● Task: Repeat every record below, word for word.

Items listed in a dataset:
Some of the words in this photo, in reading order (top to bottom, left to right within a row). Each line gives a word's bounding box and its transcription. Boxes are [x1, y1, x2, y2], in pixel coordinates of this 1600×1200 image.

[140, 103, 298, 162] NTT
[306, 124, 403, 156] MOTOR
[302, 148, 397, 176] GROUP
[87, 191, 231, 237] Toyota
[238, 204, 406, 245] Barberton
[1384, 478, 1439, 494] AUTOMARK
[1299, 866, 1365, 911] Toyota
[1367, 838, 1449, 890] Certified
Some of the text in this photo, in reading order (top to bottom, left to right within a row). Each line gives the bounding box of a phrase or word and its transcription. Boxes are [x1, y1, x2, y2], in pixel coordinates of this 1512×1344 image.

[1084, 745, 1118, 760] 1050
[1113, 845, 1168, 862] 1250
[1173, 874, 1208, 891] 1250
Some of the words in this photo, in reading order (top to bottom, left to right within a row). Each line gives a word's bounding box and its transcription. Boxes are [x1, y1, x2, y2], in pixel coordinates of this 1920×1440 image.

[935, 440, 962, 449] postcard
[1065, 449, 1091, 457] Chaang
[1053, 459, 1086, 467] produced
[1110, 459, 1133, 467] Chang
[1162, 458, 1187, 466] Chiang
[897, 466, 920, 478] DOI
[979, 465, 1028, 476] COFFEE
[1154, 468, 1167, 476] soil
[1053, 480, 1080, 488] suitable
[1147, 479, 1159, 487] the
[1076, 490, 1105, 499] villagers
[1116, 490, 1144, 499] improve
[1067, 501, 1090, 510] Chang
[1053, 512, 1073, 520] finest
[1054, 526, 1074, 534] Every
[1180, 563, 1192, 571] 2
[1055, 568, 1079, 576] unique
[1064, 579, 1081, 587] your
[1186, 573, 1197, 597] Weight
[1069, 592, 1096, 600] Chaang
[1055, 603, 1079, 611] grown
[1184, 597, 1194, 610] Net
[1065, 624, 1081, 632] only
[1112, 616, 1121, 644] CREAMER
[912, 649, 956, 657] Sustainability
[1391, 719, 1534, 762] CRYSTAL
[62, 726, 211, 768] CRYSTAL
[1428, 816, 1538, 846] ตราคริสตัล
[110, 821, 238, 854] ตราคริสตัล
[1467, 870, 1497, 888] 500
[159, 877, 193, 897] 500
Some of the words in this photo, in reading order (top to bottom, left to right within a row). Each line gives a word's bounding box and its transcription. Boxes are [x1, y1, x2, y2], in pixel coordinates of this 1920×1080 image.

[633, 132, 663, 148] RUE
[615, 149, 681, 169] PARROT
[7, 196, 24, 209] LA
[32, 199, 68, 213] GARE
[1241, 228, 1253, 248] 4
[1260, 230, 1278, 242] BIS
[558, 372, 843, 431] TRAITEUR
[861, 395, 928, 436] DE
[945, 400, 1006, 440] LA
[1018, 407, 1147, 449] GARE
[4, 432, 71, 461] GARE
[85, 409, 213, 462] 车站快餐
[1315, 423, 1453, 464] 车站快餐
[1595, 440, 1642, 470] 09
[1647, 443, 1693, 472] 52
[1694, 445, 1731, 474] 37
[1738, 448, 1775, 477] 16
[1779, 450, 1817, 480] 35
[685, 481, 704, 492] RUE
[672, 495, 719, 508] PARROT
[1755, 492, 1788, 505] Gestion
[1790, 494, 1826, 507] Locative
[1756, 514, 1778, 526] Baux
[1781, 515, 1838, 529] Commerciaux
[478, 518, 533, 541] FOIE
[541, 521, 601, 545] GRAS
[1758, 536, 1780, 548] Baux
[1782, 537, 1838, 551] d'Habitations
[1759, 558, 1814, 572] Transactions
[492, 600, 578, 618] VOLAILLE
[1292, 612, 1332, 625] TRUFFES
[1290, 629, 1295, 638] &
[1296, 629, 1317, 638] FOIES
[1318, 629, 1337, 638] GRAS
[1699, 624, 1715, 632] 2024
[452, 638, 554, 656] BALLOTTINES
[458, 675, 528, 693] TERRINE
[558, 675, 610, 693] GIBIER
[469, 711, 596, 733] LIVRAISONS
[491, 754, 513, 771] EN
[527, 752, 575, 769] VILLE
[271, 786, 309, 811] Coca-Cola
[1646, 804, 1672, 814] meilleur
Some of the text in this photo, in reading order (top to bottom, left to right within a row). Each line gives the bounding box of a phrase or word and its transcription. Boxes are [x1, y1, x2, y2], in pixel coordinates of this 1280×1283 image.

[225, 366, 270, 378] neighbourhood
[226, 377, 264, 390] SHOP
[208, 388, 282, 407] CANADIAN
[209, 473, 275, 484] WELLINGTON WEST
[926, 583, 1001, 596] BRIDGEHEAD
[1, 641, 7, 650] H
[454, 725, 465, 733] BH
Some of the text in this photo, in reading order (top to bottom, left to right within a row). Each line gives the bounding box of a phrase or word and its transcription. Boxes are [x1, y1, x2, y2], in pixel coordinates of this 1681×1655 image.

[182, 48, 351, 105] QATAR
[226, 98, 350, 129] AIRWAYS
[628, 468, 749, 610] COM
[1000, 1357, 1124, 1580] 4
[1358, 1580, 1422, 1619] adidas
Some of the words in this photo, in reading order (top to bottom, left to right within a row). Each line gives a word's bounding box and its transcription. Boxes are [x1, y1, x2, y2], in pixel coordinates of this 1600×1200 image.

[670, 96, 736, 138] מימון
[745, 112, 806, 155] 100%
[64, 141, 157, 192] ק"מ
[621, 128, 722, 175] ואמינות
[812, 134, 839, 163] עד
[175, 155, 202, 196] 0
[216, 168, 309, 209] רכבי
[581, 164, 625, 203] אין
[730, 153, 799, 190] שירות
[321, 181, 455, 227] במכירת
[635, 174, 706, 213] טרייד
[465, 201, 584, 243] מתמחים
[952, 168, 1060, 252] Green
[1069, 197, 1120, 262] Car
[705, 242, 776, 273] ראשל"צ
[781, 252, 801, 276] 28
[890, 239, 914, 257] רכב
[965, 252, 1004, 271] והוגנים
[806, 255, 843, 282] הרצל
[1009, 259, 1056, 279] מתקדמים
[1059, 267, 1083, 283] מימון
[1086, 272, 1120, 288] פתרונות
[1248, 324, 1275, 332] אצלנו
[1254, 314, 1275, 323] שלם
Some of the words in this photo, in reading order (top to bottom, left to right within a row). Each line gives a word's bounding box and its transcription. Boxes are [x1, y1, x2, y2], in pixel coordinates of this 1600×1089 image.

● Task output:
Some of the words in this photo, in reading order (top to bottom, left to right within a row). Each line gives a word's bounding box and its transcription. Boxes are [x1, y1, x2, y2], in pixel coordinates of this 1600×1200 image.

[140, 103, 298, 162] NTT
[306, 124, 403, 156] MOTOR
[302, 148, 397, 176] GROUP
[87, 191, 231, 237] Toyota
[238, 204, 406, 245] Barberton
[1384, 478, 1439, 494] AUTOMARK
[1299, 866, 1365, 911] Toyota
[1367, 838, 1449, 890] Certified
Some of the text in this photo, in reading order (top to bottom, left to right within a row). Each line gives the bounding box of a phrase or word and its transcription. Boxes are [x1, y1, x2, y2], in pixel coordinates of this 1512×1344 image.

[1084, 745, 1118, 760] 1050
[1113, 845, 1168, 862] 1250
[1173, 874, 1208, 891] 1250
Some of the words in this photo, in reading order (top to bottom, left to right within a row). Each line gives a word's bounding box and its transcription. Boxes are [x1, y1, x2, y2], in pixel coordinates of this 1920×1440 image.

[935, 440, 962, 449] postcard
[1065, 449, 1091, 457] Chaang
[1053, 459, 1086, 467] produced
[1110, 459, 1133, 467] Chang
[1162, 458, 1187, 466] Chiang
[897, 466, 920, 478] DOI
[979, 465, 1028, 476] COFFEE
[1154, 468, 1167, 476] soil
[1053, 480, 1080, 488] suitable
[1147, 479, 1159, 487] the
[1076, 490, 1105, 499] villagers
[1116, 490, 1144, 499] improve
[1067, 501, 1090, 510] Chang
[1053, 512, 1073, 520] finest
[1054, 526, 1074, 534] Every
[1180, 563, 1192, 571] 2
[1055, 568, 1079, 576] unique
[1064, 579, 1081, 587] your
[1186, 573, 1197, 597] Weight
[1069, 592, 1096, 600] Chaang
[1055, 603, 1079, 611] grown
[1184, 597, 1194, 610] Net
[1065, 624, 1081, 632] only
[1112, 616, 1121, 644] CREAMER
[912, 649, 956, 657] Sustainability
[1391, 719, 1534, 762] CRYSTAL
[62, 726, 211, 768] CRYSTAL
[1428, 816, 1538, 846] ตราคริสตัล
[110, 821, 238, 854] ตราคริสตัล
[1467, 870, 1497, 888] 500
[159, 877, 193, 897] 500
Some of the words in this photo, in reading order (top to bottom, left to right within a row). Each line gives a word's bounding box and its transcription. Boxes are [x1, y1, x2, y2], in pixel coordinates of this 1920×1080 image.

[633, 132, 663, 148] RUE
[615, 149, 681, 169] PARROT
[7, 196, 24, 209] LA
[32, 199, 68, 213] GARE
[1241, 228, 1253, 248] 4
[1260, 230, 1278, 242] BIS
[558, 372, 843, 431] TRAITEUR
[861, 395, 928, 436] DE
[945, 400, 1006, 440] LA
[1018, 407, 1147, 449] GARE
[4, 432, 71, 461] GARE
[85, 409, 213, 462] 车站快餐
[1315, 423, 1453, 464] 车站快餐
[1595, 440, 1642, 470] 09
[1647, 443, 1693, 472] 52
[1694, 445, 1731, 474] 37
[1738, 448, 1775, 477] 16
[1779, 450, 1817, 480] 35
[685, 481, 704, 492] RUE
[672, 495, 719, 508] PARROT
[1755, 492, 1788, 505] Gestion
[1790, 494, 1826, 507] Locative
[1756, 514, 1778, 526] Baux
[1781, 515, 1838, 529] Commerciaux
[478, 518, 533, 541] FOIE
[541, 521, 601, 545] GRAS
[1758, 536, 1780, 548] Baux
[1782, 537, 1838, 551] d'Habitations
[1759, 558, 1814, 572] Transactions
[492, 600, 578, 618] VOLAILLE
[1292, 612, 1332, 625] TRUFFES
[1290, 629, 1295, 638] &
[1296, 629, 1317, 638] FOIES
[1318, 629, 1337, 638] GRAS
[1699, 624, 1715, 632] 2024
[452, 638, 554, 656] BALLOTTINES
[458, 675, 528, 693] TERRINE
[558, 675, 610, 693] GIBIER
[469, 711, 596, 733] LIVRAISONS
[491, 754, 513, 771] EN
[527, 752, 575, 769] VILLE
[271, 786, 309, 811] Coca-Cola
[1646, 804, 1672, 814] meilleur
Some of the text in this photo, in reading order (top to bottom, left to right within a row). Each line gives the bounding box of a phrase or word and its transcription. Boxes are [x1, y1, x2, y2], in pixel coordinates of this 1280×1283 image.

[225, 366, 270, 378] neighbourhood
[226, 377, 264, 390] SHOP
[208, 388, 282, 407] CANADIAN
[209, 473, 275, 484] WELLINGTON WEST
[926, 583, 1001, 596] BRIDGEHEAD
[1, 641, 7, 650] H
[454, 725, 465, 733] BH
Some of the text in this photo, in reading order (top to bottom, left to right within a row). Each line gives the bounding box of a phrase or word and its transcription. Boxes are [x1, y1, x2, y2], in pixel coordinates of this 1681×1655 image.

[182, 48, 351, 105] QATAR
[226, 98, 350, 129] AIRWAYS
[628, 468, 749, 610] COM
[1000, 1357, 1124, 1580] 4
[1358, 1580, 1422, 1619] adidas
Some of the words in this photo, in reading order (top to bottom, left to right within a row). Each line gives a word's bounding box and its transcription. Boxes are [x1, y1, x2, y2], in pixel coordinates of this 1600×1200 image.

[670, 96, 736, 138] מימון
[745, 112, 806, 155] 100%
[64, 141, 157, 192] ק"מ
[621, 128, 722, 175] ואמינות
[812, 134, 839, 163] עד
[175, 155, 202, 196] 0
[216, 168, 309, 209] רכבי
[581, 164, 625, 203] אין
[730, 153, 799, 190] שירות
[321, 181, 455, 227] במכירת
[635, 174, 706, 213] טרייד
[465, 201, 584, 243] מתמחים
[952, 168, 1060, 252] Green
[1069, 197, 1120, 262] Car
[705, 242, 776, 273] ראשל"צ
[781, 252, 801, 276] 28
[890, 239, 914, 257] רכב
[965, 252, 1004, 271] והוגנים
[806, 255, 843, 282] הרצל
[1009, 259, 1056, 279] מתקדמים
[1059, 267, 1083, 283] מימון
[1086, 272, 1120, 288] פתרונות
[1248, 324, 1275, 332] אצלנו
[1254, 314, 1275, 323] שלם
Some of the words in this photo, in reading order (top to bottom, left to right within a row). Each line gives a word's bounding box and its transcription. Boxes are [x1, y1, x2, y2], in pixel coordinates of this 1600×1089 image.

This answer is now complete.